La pluralité des paradigmes
04 / 1996
Une vision du monde qui articule les paradigmes dans la souplesse et la complémentarité, instaurant une continuité des modèles de compréhension du réel, et ouvrant sur une interdisciplinarité des compétences.
A l’origine de la démarche de cette philosophe, une profonde sensibilité à la richesse du monde sensible dans lequel, nous, êtres humains, sommes plongés, à l’instar de tout être vivant. Et une intelligence de la vie dans tous ses aspects et à tous ses niveaux, qui, dans une inspiration semblable à celle qui régna au siècle des Lumières, refuse les cloisonnements, les séparations entre la matière et l’esprit, le corps et l’âme, et veut éclairer la nature dans toutes ses médiations -en faisant fonctionner, au-delà de la vieille opposition entre matérialisme mécaniste et idéalisme abstrait, de réels dualismes. L’esthétique, la psychanalyse, l’homéopathie, notre intuition même que nous avons tous que notre corps n’est pas un objet matériel mais une structure vivante liée au monde, nous suggèrent l’existence d’une logique de l’interaction corps-âme, de règles de ces passages. A. Lagache montre l’impropriété du paradigme mécaniste -pour lequel tout est matière, y compris le corps vivant- à rendre compte des organisations biologiques qui, "dès la régulation cellulaire ont du sémantique, irréductible au mécanisme". A l’inverse, le paradigme des signifiants s’applique au vivant "en acte de ses fonctions". Mais Agnès Lagache fait plus ici que substituer un paradigme (être épistémologique)à un autre : elle esquisse ce que serait une vision du réel, non plus à travers "des domaines fracturés du savoir" mais dans "une continuité de différents paradigmes" correspondant à ce que nous pouvons saisir des niveaux d’organisation de ce réel. En limitant la validité d’un paradigme à l’objet auquel il s’applique, elle échappe au totalitarisme.

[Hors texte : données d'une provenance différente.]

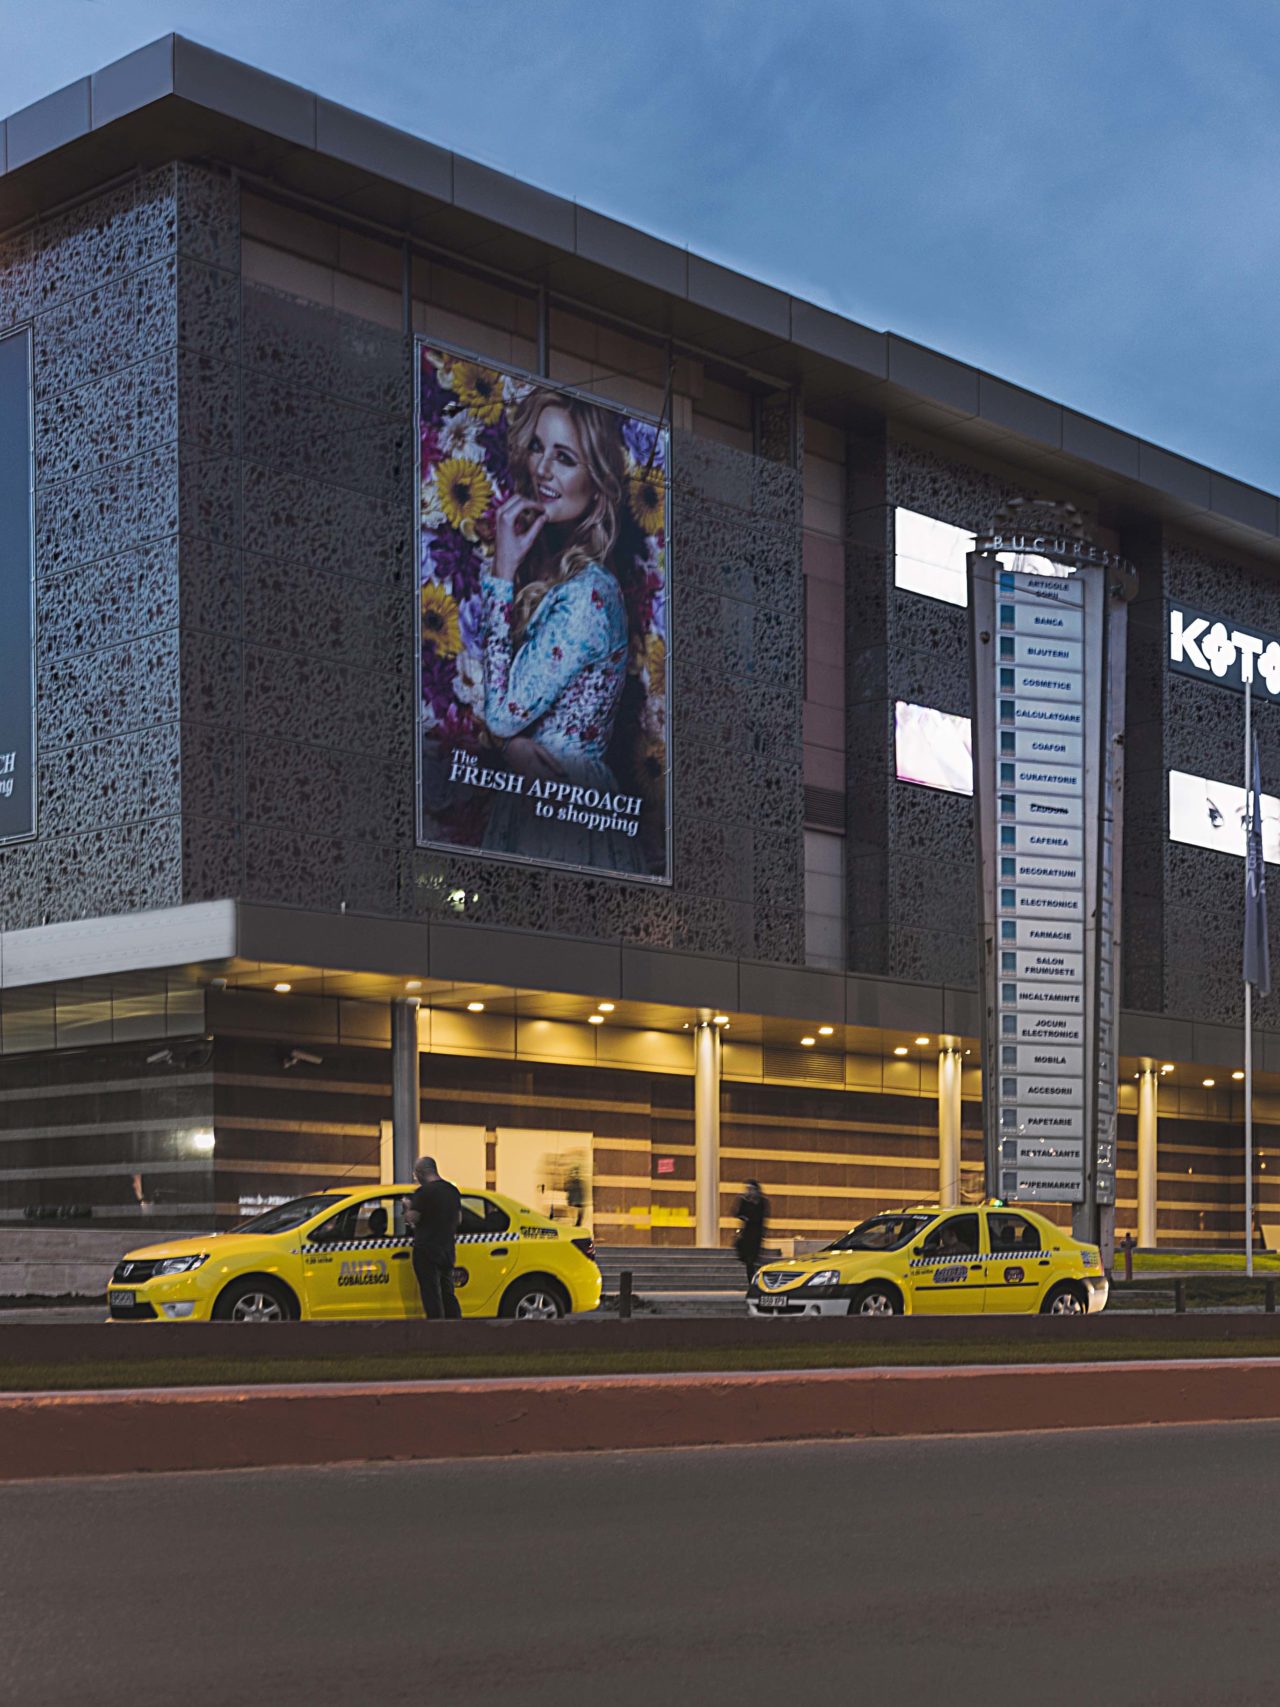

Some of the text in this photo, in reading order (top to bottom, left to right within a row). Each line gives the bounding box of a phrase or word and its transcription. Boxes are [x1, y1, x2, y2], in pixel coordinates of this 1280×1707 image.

[1034, 616, 1064, 628] BANCA
[1027, 647, 1070, 659] BIJUTERII
[1022, 679, 1072, 691] COSMETICE
[1015, 709, 1081, 723] CALCULATOARE
[1031, 741, 1066, 753] COAFOR
[450, 748, 478, 766] The
[1019, 773, 1077, 785] CURATATORIE
[448, 764, 642, 816] FRESH APPROACH
[535, 801, 639, 837] to shopping
[1030, 836, 1069, 846] CAFENEA
[1020, 867, 1077, 878] DECORATIUNI
[1020, 898, 1079, 909] ELECTRONICE
[1029, 930, 1072, 941] FARMACIE
[1036, 957, 1065, 966] SALON
[1025, 966, 1075, 977] FRUMUSETE
[1019, 992, 1081, 1003] INCALTAMINTE
[1034, 1019, 1067, 1029] JOCURI
[1021, 1029, 1079, 1039] ELECTRONICE
[1034, 1055, 1067, 1065] MOBILA
[1027, 1086, 1073, 1096] ACCESORII
[1027, 1117, 1073, 1127] PAPETARIE
[1019, 1181, 1081, 1191] SUPERMARKET
[340, 1259, 387, 1276] AUTO

Pour A. Lagache, le corps biologique, vivant, ne "possède pas les qualités de l’objet qui sont la norme du paradigme mécaniste" (il n’en a pas l’identité stable mais "se constitue par une synthèse toujours recommencée" et dans un ordre irréversible; il est "plus que la somme de ses parties"; surtout, il est "une structure de communication informée et informante..." en dialogue permanent avec l’environnement interne et externe auquel il n’a pas même la possibilité d’être indiffèrent : "le corps vit de l’échange à tous les niveaux", il "reçoit et traite les informations qui lui permettent d’organiser sa propre existence"). La connaissance des organisations biologiques ne peut donc se réduire à celle qu’en donne l’approche physico-chimique.

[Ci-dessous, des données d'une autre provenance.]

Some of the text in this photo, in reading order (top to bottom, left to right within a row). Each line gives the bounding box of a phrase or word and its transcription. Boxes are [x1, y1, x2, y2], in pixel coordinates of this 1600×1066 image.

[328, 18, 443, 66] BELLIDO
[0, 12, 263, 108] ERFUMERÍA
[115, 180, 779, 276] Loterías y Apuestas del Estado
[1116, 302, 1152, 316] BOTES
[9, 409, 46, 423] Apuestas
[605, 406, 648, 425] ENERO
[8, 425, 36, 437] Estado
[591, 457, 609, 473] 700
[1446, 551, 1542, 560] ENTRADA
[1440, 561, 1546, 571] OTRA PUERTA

Convaincue que "le corps communique avec le monde selon des règles qui lui sont propres" et n’ont rien à voir non plus avec la symbolique du langage et la conscience rationnelle, elle a fait l’hypothèse d’une sémantique autre que linguistique, située entre cette dernière et l’ordre mécaniste. Ce modèle est une logique de la communication analogique. La loi d’exclusion du situs (l’objet ne peut être à deux endroits à la fois, aussi donner un objet équivaut-il à s’en appauvrir)y est remplacée par l’introduction de la dimension temporelle avant/après et le "passage du sens" (l’échange d’une information enrichit celui qui en est l’auteur). La norme du mécanisme ne convient donc que partiellement à cette "totalité individualisée, finalisée et vivante" qu’est le corps.
Est-ce à dire que le paradigme mécaniste de la science positiviste doive être abandonné? Non! Et c’est précisément l’écueil contre lequel A. Lagache nous met en garde. A chaque "outil" ou grille logique correspond un profil de la réalité qui s’y trouve éclairé. Différents paradigmes s’enchaînent. Ainsi esquisse-t-elle un synopsis philosophique dans lequel un niveau de logique convient à chaque niveau d’organisation. Si dans le réel "tout se noue dans la continuité de médiations inconnues", notre intelligence reconnaît par endroits, -là où "les mouvements du monde font des grumeaux"-, des "stratifications assez permanentes pour y percevoir des objets typiques". Cette suite de niveaux peut se "débobiner" ainsi :
- Le paradigme mécaniste applicable aux objets matériels, répondant aux notion de masse, loi du situs, normes des interactions externes et négatives.
- Le paradigme cybernétique, qui introduit de nouvelle propriétés plus que mécaniques, entre autres "la transcendance du tout sur les parties", et dont le violon fournit l’illustration parfaite.
- La complexité du système s’accroissant et "une boite noire s’étant formée quant à la connaissance des éléments" c’est le paradigme systémique qui permet le mieux d’appréhender les phénomènes.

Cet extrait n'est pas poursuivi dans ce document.